Friday 13 December 2013

Matamata: New Zealand's re-cycled Station


In the heart of New Zealand's Waikato Region, 160 kms from Auckland lies the town of Matamata, population 6,306. With the Hobbiton Movie Set tours of Peter Jackson's Lord of The Ring and The Hobbit masterpieces only minutes away by car, you could say Matamata lies in the heart of Middle Earth. In fact a sign welcoming you to Hobbiton greets visitors as they enter town. However, passenger trains haven't called at this station since the withdrawal of The Geyserland Express between Auckland and Rotorua in 2001. So just what do you do with a left over railway station once it is no longer needed? You turn it into a community resource centre.

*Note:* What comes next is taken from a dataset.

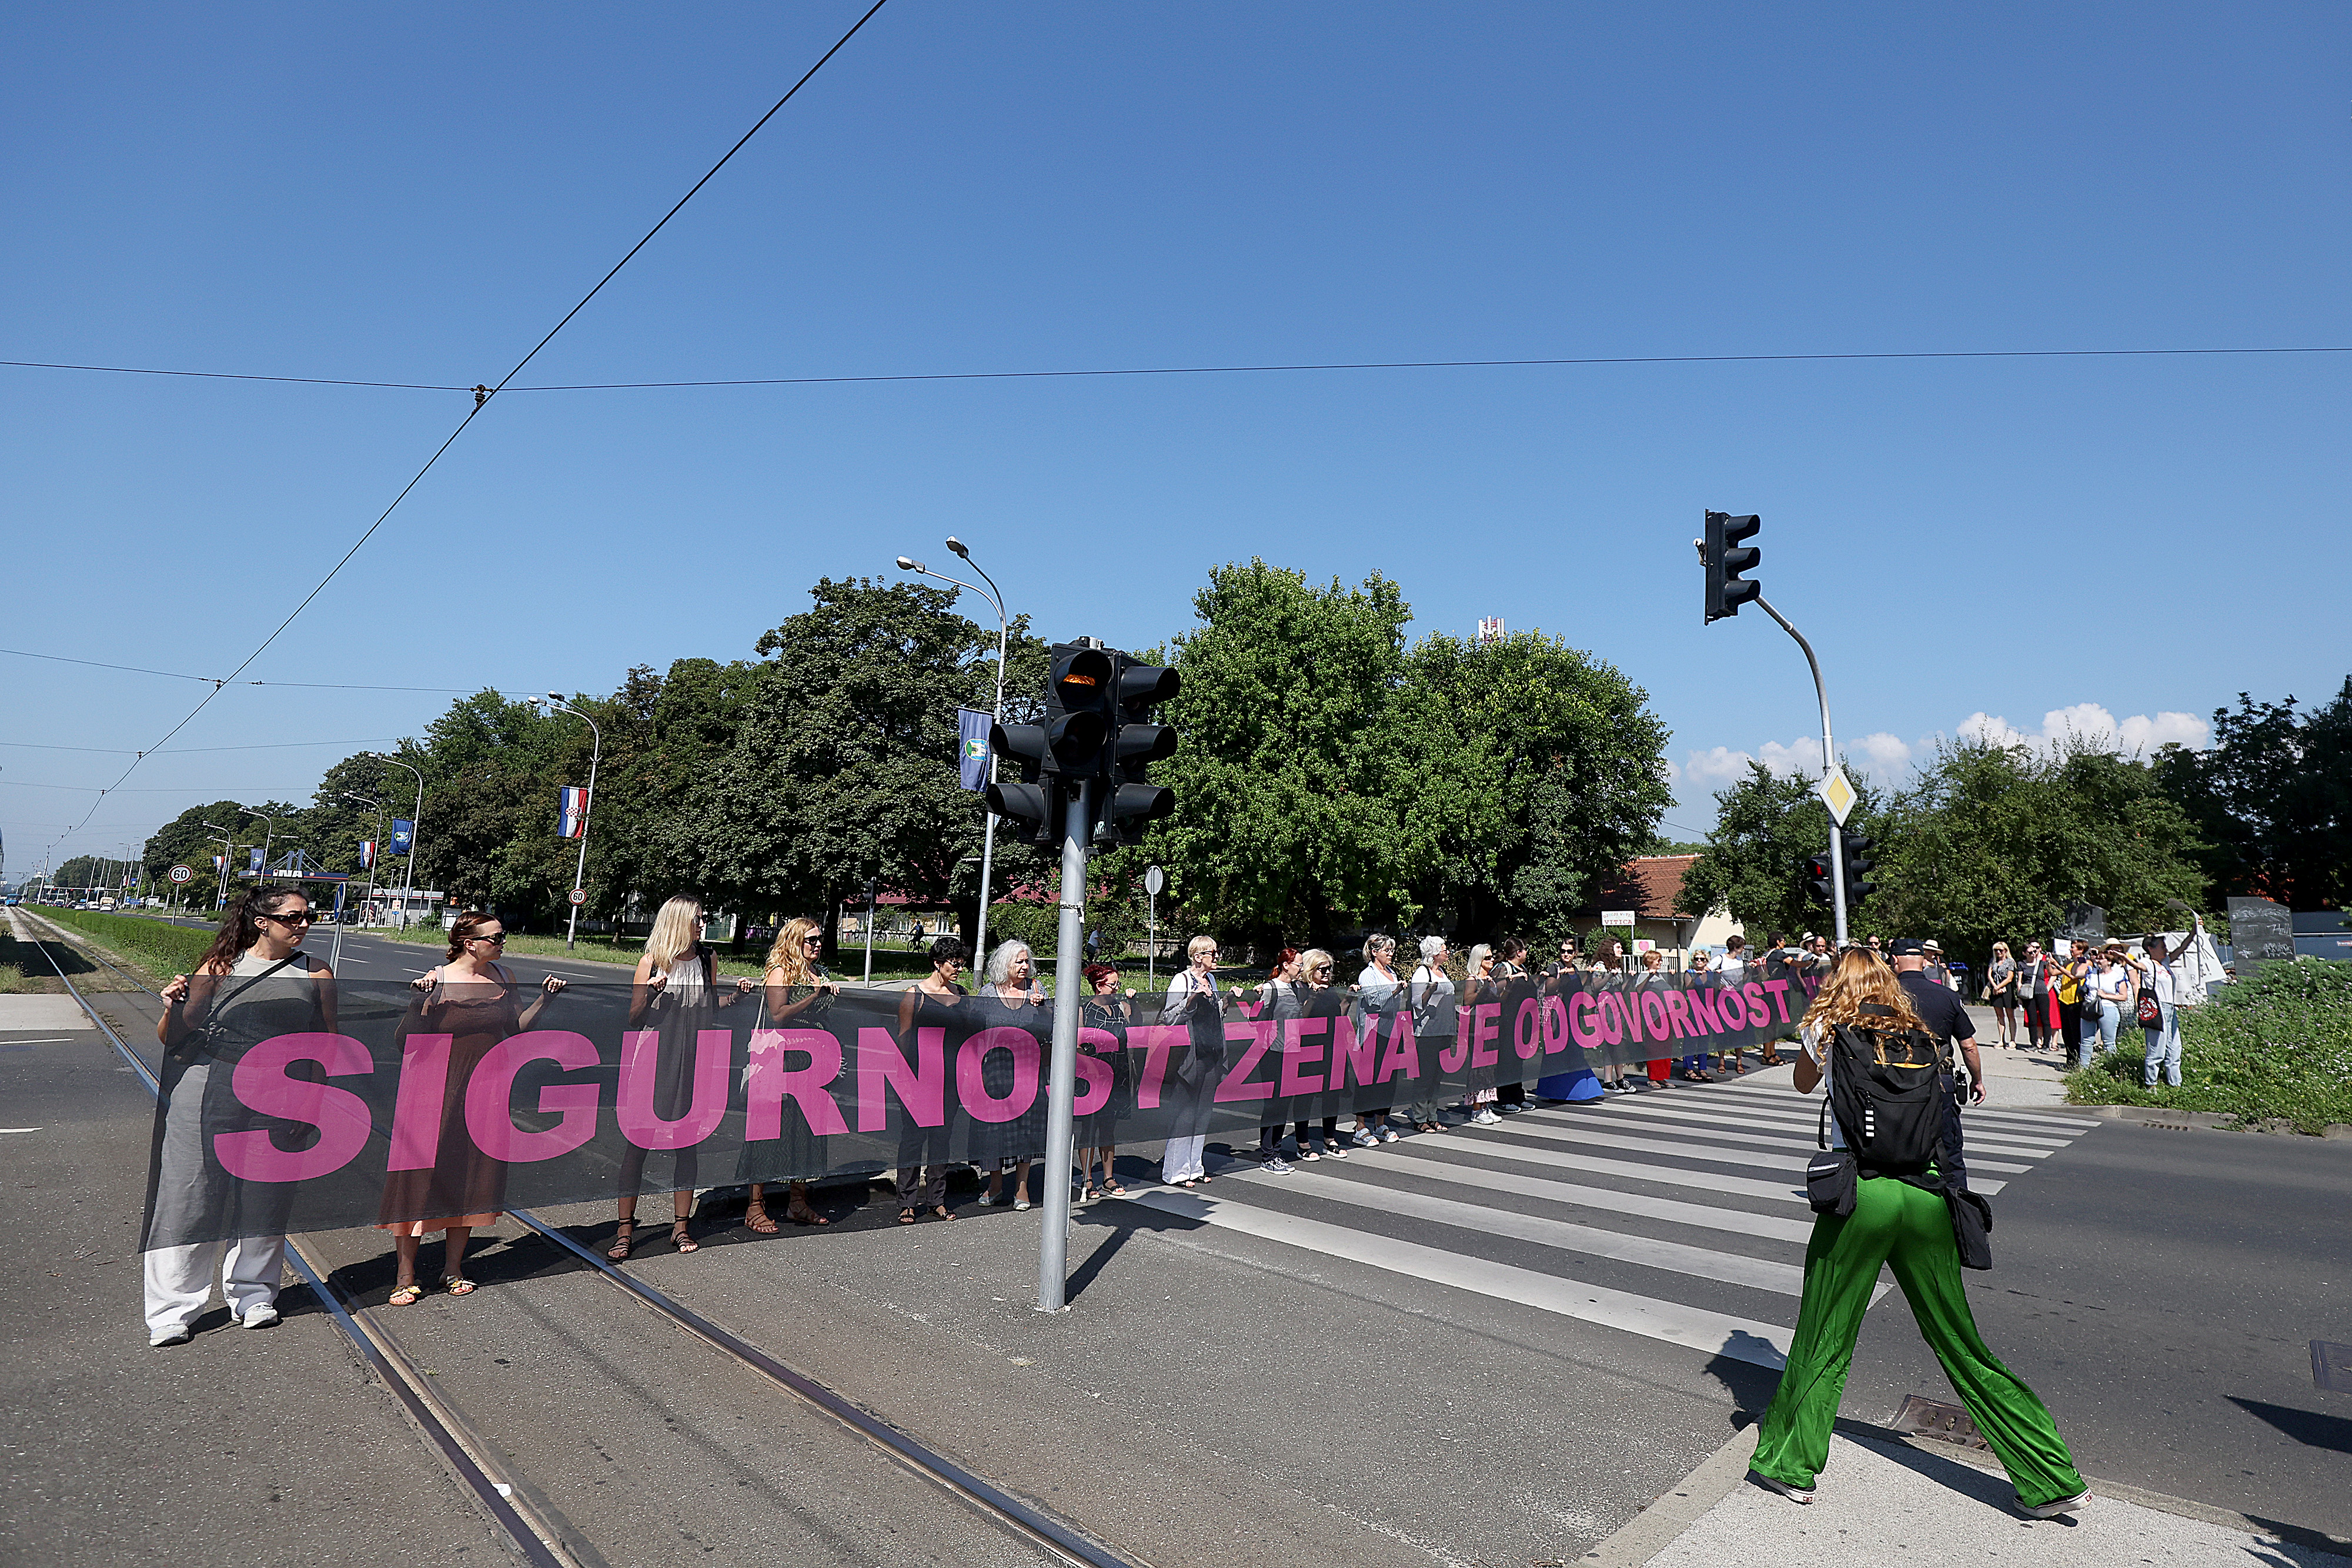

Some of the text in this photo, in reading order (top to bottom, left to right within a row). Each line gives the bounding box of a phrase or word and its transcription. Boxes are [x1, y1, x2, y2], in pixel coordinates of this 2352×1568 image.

[173, 870, 188, 879] 60
[273, 869, 303, 878] INA
[573, 892, 583, 901] 60
[213, 979, 1791, 1183] SIGURNOST ŽENA JE ODGOVORNOST

Railside by the Green was established in 2002, a year after The Geyserland Express had pulled away from town for the final time, to provide a facility for community and organisational groups to meet in. The original railway station was built in 1885 by the Thames Valley and Rotorua Railway Company, and the present brick building sometime around 1965. Sitting on a large parcel of land on Hetana Street in the heart of town, Matamata's Railway Station is still proving to be a prominent part of the town's landscape, with plenty of free parking and picnic facilities provided for visitors to this picturesque rural town. A short walk down the street leads you to the town's Hobbit inspired Tourist Information Centre which was due to open the day after we passed through in December 2013.

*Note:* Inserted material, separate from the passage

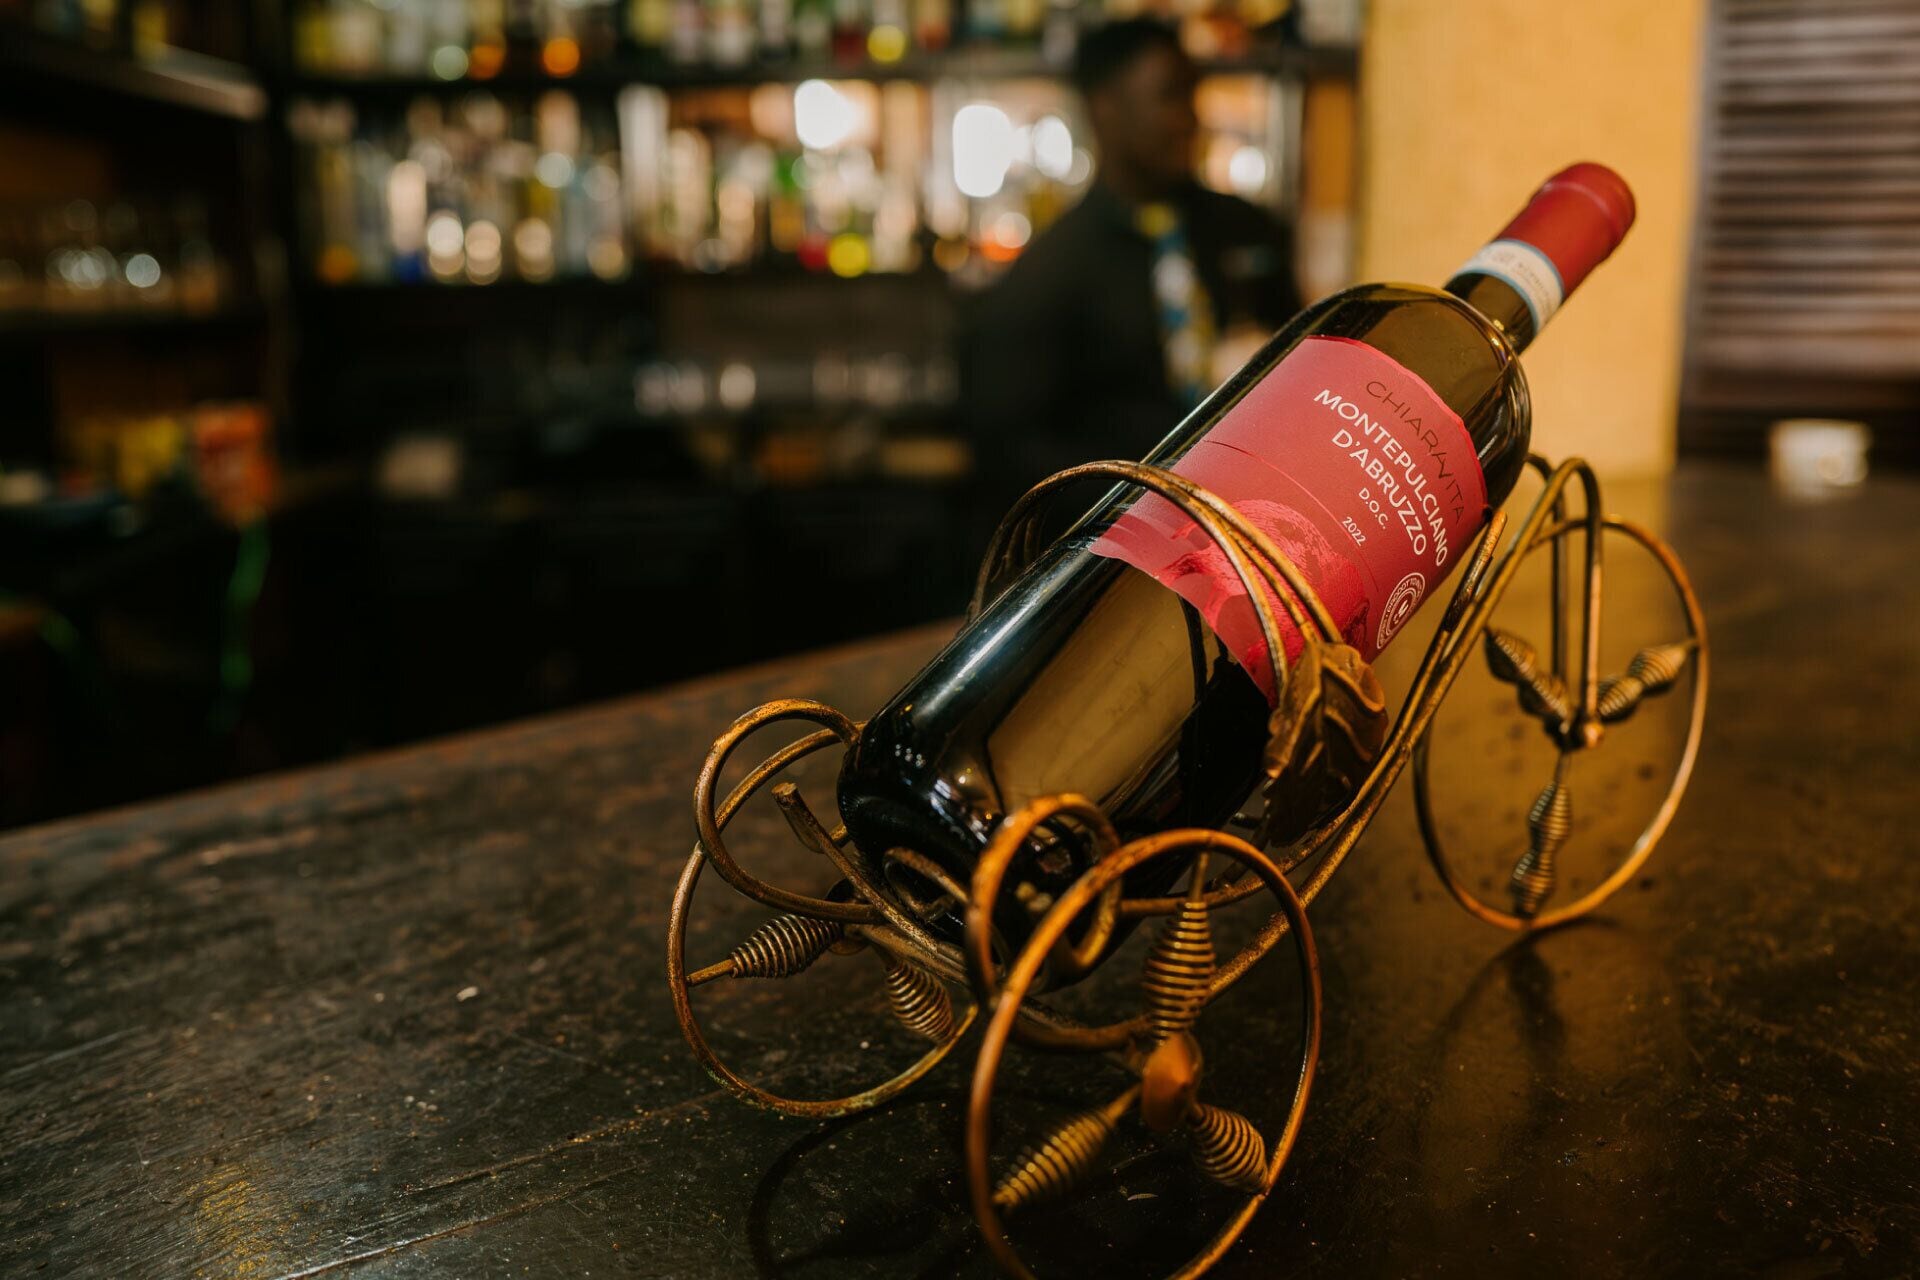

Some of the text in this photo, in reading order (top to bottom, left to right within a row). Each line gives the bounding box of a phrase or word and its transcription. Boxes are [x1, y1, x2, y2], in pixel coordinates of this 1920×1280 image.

Matamata Railway Yard in New Zealand in 2013 consists of nothing more than a passing siding.

The platform side of the railway station still faces the active Kinleith Branchline that sees up to 8 freight trains a day pass through town. The railway side of the station today is nothing fancy. In fact it is fenced off to prevent vandals from interfering with what is now the rear of the community centre. But on a cold, wet summer's day, I wasn't going to wait around to photograph a passing train. I was too keen to see what waited somewhere else down the line.